======== MATERIALS PROVIDED ========

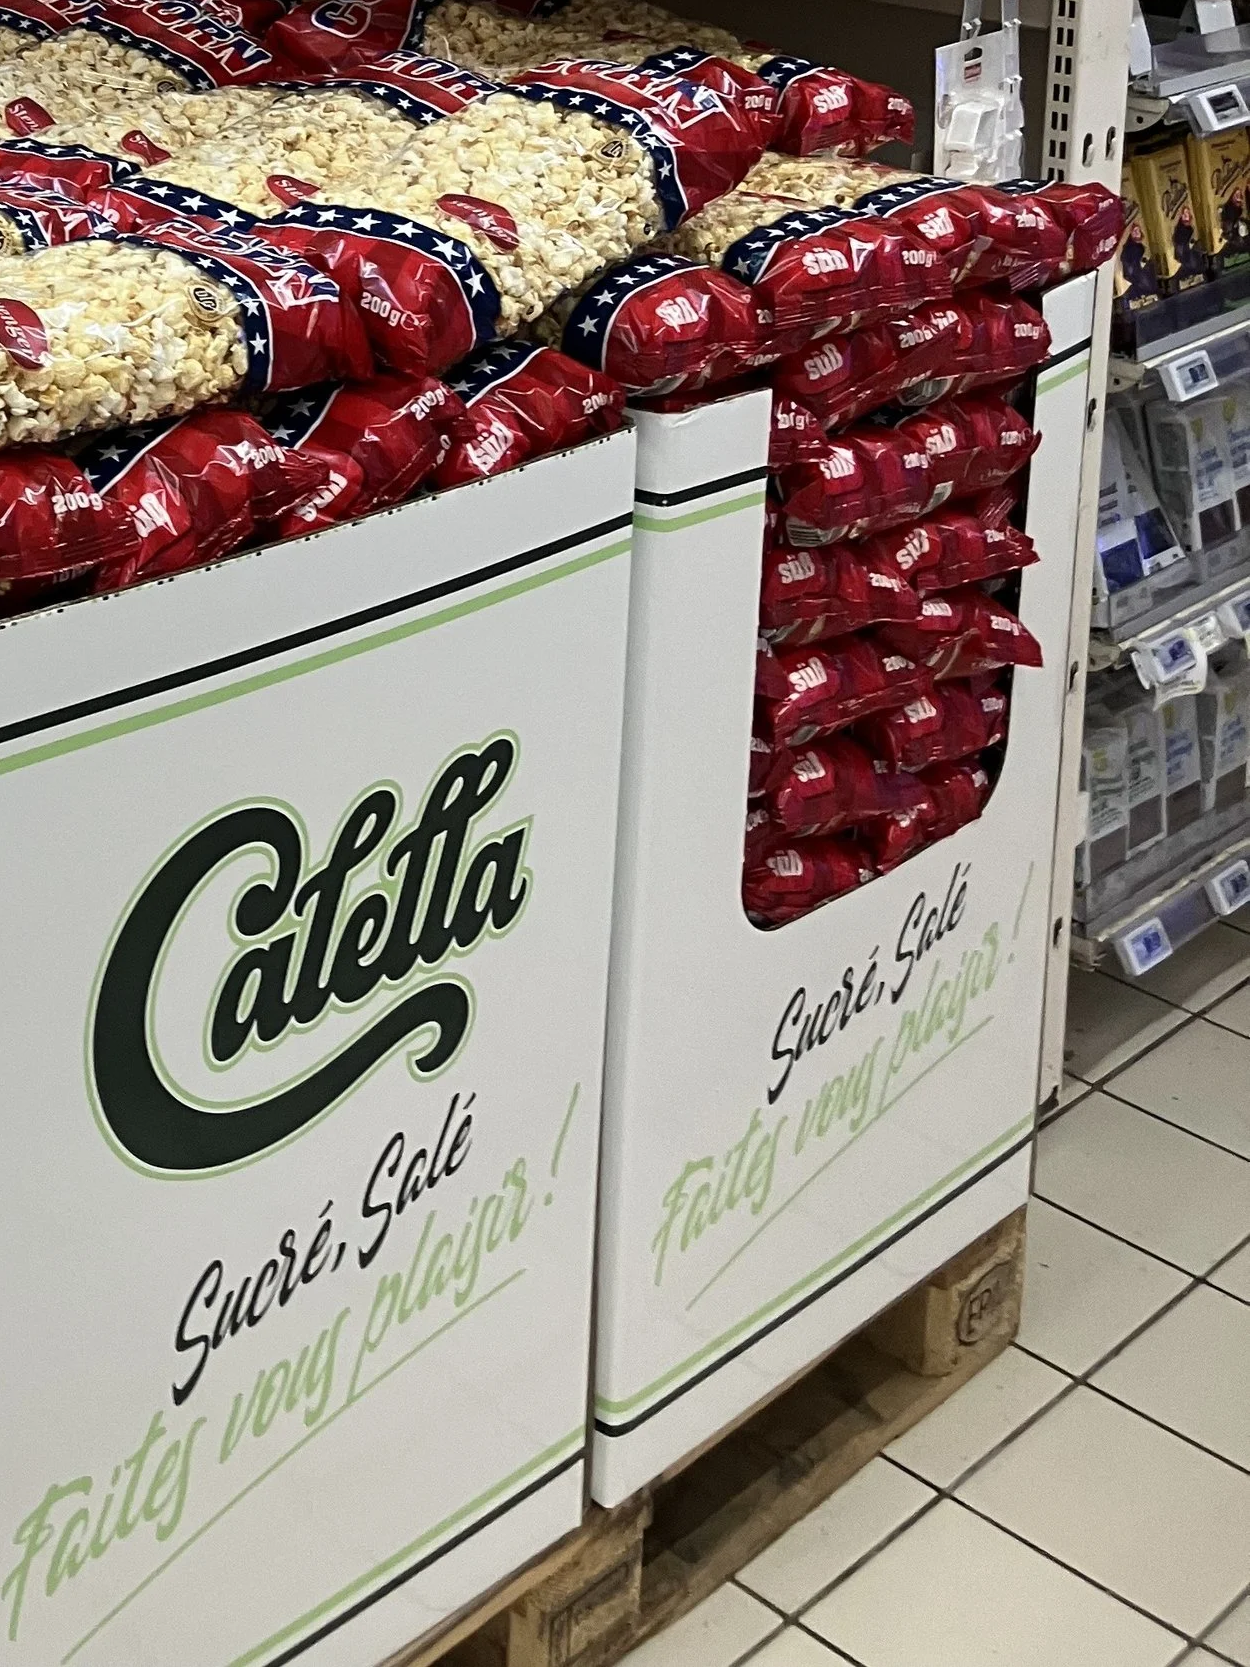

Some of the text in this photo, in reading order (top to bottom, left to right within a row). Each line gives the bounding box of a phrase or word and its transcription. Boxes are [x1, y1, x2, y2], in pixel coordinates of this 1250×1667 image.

[918, 207, 955, 239] süß
[802, 248, 847, 275] süß
[361, 292, 402, 328] 200g
[804, 346, 843, 380] süß
[926, 426, 957, 455] süß
[51, 491, 104, 514] 200g
[777, 552, 816, 584] süß
[789, 657, 827, 693] süß
[892, 861, 971, 1002] Salé
[652, 1107, 781, 1286] Faites
[794, 1034, 885, 1157] vous
[171, 1091, 476, 1406] Sucré, Salé
[1, 1405, 197, 1641] Faites
[224, 1303, 355, 1442] vous

========

» **GOAL OF THE EXERCISE**
Transcribe the listing above verbatim. No picture belongs in the result.

» **RESPONSE TO THE TASK**
Some of the text in this photo, in reading order (top to bottom, left to right within a row). Each line gives the bounding box of a phrase or word and its transcription. Boxes are [x1, y1, x2, y2], in pixel coordinates of this 1250×1667 image.

[918, 207, 955, 239] süß
[802, 248, 847, 275] süß
[361, 292, 402, 328] 200g
[804, 346, 843, 380] süß
[926, 426, 957, 455] süß
[51, 491, 104, 514] 200g
[777, 552, 816, 584] süß
[789, 657, 827, 693] süß
[892, 861, 971, 1002] Salé
[652, 1107, 781, 1286] Faites
[794, 1034, 885, 1157] vous
[171, 1091, 476, 1406] Sucré, Salé
[1, 1405, 197, 1641] Faites
[224, 1303, 355, 1442] vous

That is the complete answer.